Plasma membrane deformation affects macrophage function, and macrophages show differences in membrane deformation on soft and stiff substrates. (A) Schematic of the concave substrate preparation process. (B and C) RAW264.7 cells were cultured on concave and flat substrates for 24 h. Flow cytometry (n = 3; *P = 0.0146, *P = 0.0180) and RT–PCR (n = 3; *P = 0.016, **P = 0.002) were performed to examine the expression of inflammatory markers and factors. Two-tailed Student’s t test. (D) Schematic illustration. On soft substrates, because it is difficult to calculate the bottom adhesion area, the vertical distance between the plane of maximum circumference on the z-axis and the lowest point of cell adhesion is defined as Uz.
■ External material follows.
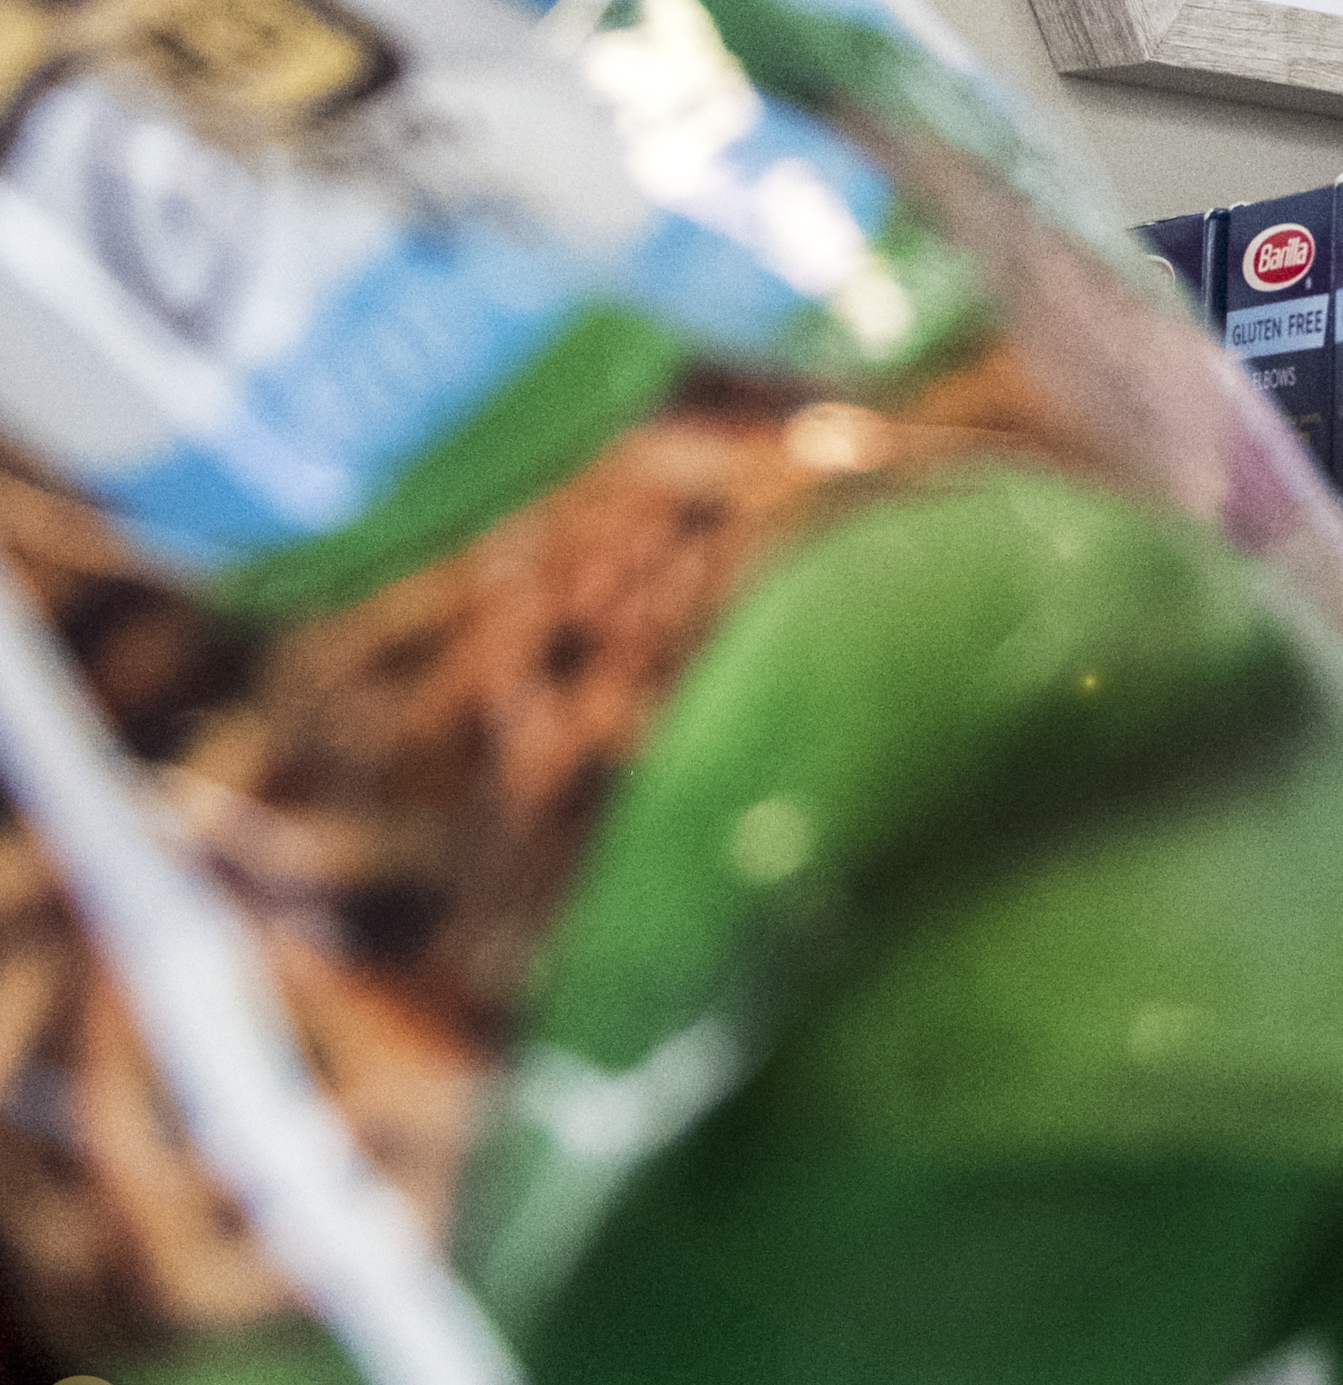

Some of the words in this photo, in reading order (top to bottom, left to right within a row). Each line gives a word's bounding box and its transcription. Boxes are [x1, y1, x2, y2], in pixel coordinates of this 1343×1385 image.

[1257, 236, 1309, 274] Barilla
[1232, 318, 1282, 347] GLUTEN
[1288, 309, 1323, 336] FREE
On stiff substrates, the area of maximum cell circumference and the area of cell bottom adhesion were recorded as S_max and S_bottom. (E–H) The concentration of ligands on the hydrogel surface was changed to quantify Uz (n = 20) and S_max on the soft substrates (n = 20) and S_max and S_bottom on the stiff substrates (n = 24). (I) Flow cytometry analysis of macrophage responses to soft and stiff hydrogel substrates when the concentration of ligands on the hydrogel surface is changed (n = 5; *P = 0.03). Unless otherwise stated, the data presented were analyzed by one-way ANOVA with Tukey’s posttest. *P < 0.033, **P < 0.002, ***P < 0.001; ns, no significant difference.